Apparently Secure (NatureServe)
Scientific classification
  • Clintonia andrewsii Alph.Wood

Clintonia andrewsiana is a species of flowering plant in the lily family Liliaceae. The species was discovered by John Milton Bigelow in 1854 and described by John Torrey in 1856. The specific epithet andrewsiana honors Timothy Langdon Andrews (1819–1908), a "gentleman who assiduously examined the botany" of California during the mid-19th century. The species is commonly known as Andrews clintonia or red clintonia, where the latter refers to the color of the flowers. In California, it is also known as bluebead lily or western bluebead lily, not to be confused with C. borealis, which is likewise known as bluebead lily. The Pomo people of northern California considered the plant to be poisonous.


Clintonia andrewsiana is a perennial herbaceous plant that spreads by means of underground rhizomes. It is the largest plant species in the genus, standing 30 to 80 cm (12 to 31 in) tall.
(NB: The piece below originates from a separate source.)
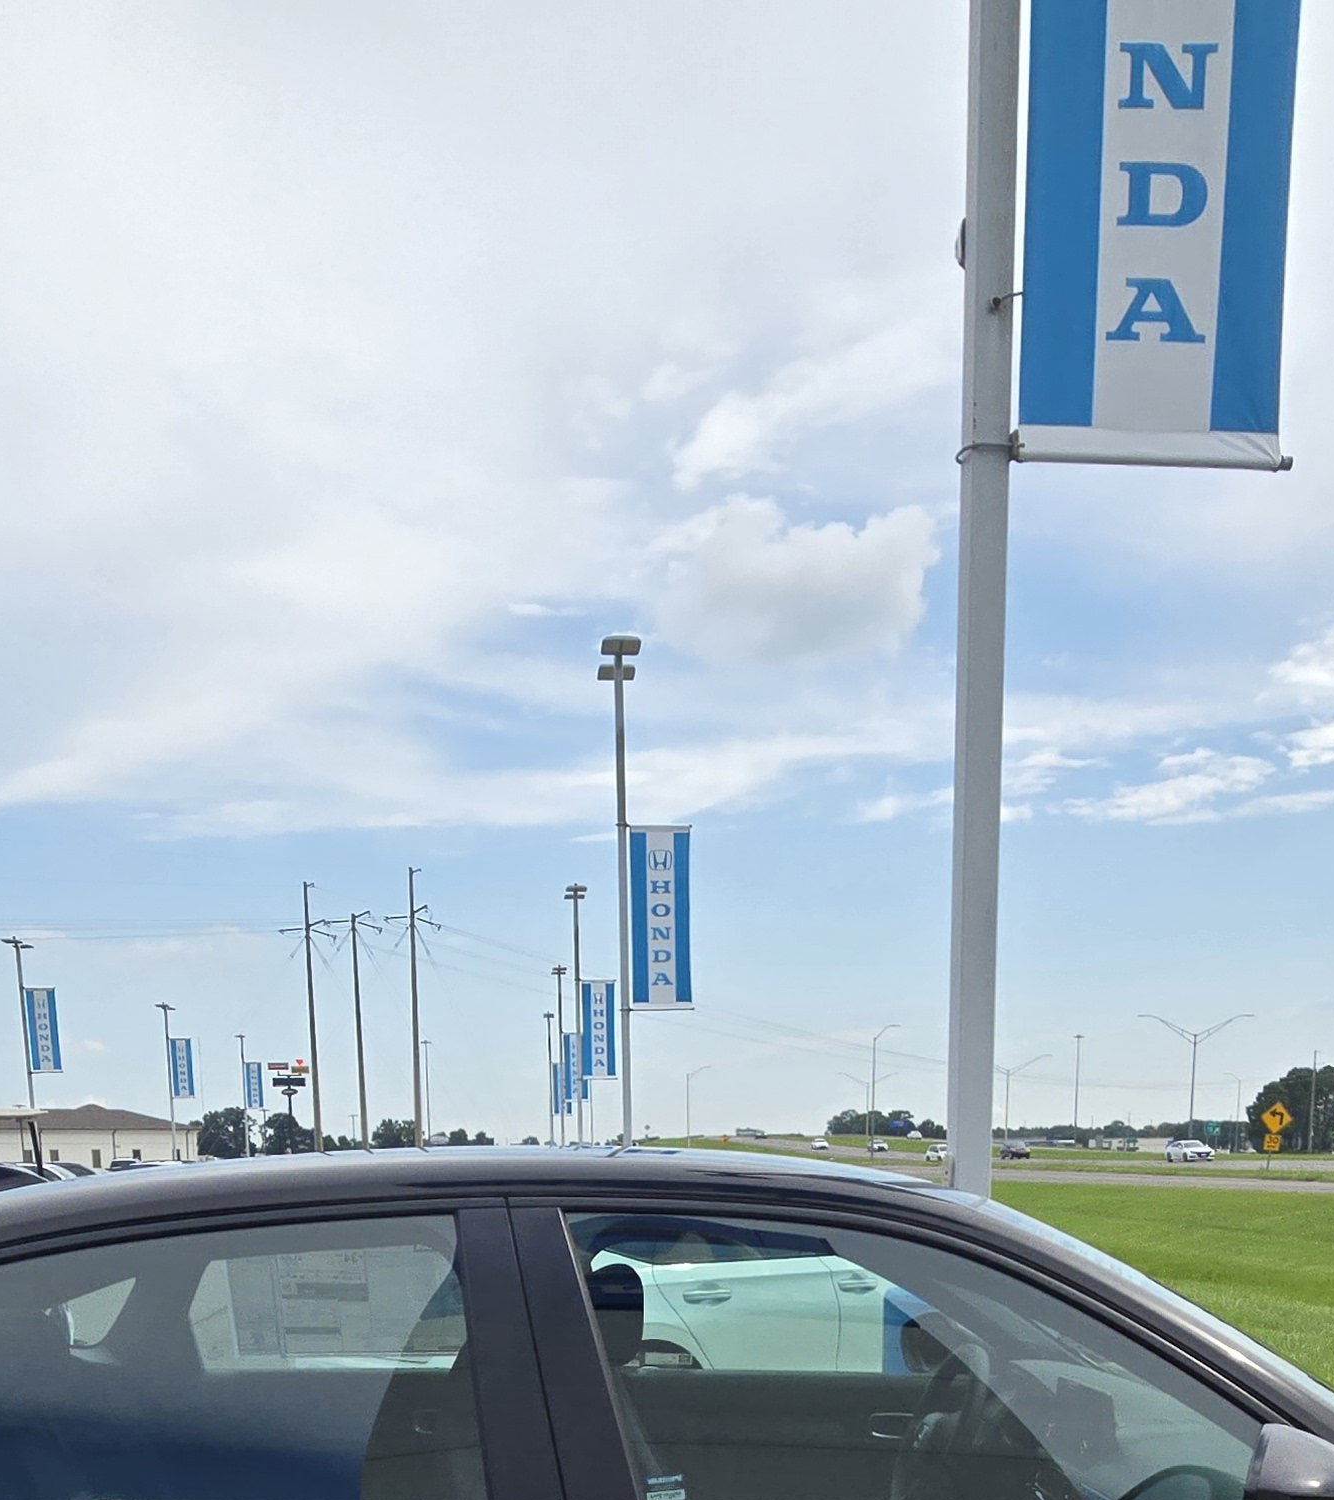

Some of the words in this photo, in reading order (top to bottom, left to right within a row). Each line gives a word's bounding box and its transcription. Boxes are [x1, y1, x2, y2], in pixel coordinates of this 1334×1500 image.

Around the base of the plant are 5 or 6 oval-shaped, dark green leaves, each 20 to 35 cm (8 to 14 in) long and 5 to 15 cm (2 to 6 in) wide. The tall, erect inflorescence consists of a terminal umbel with 10–20 flowers and up to three lateral umbels with 2–4 flowers each. Each flower has six pink to reddish-purple tepals 1 to 2 cm (0.4 to 0.8 in) long and six stamens about half as long as the tepals. The fruit is a blue or blue-black berry approximately 1 cm (0.4 in) in diameter.


Clintonia andrewsiana is found along the West Coast of the United States, from Monterey County in central California north to Curry County in southwestern Oregon. It prefers the shady, moist areas of the coastal redwood forests.

The range of C. andrewsiana overlaps with that of C. uniflora in Humboldt County and Del Norte County in northwestern California and Curry County in Oregon, but the two species are readily distinguished by their flowers. C. andrewsiana has multiple flowers arranged in one or more umbels while C. uniflora has a single flower with white tepals. The tepals of C. andrewsiana are a deep claret red.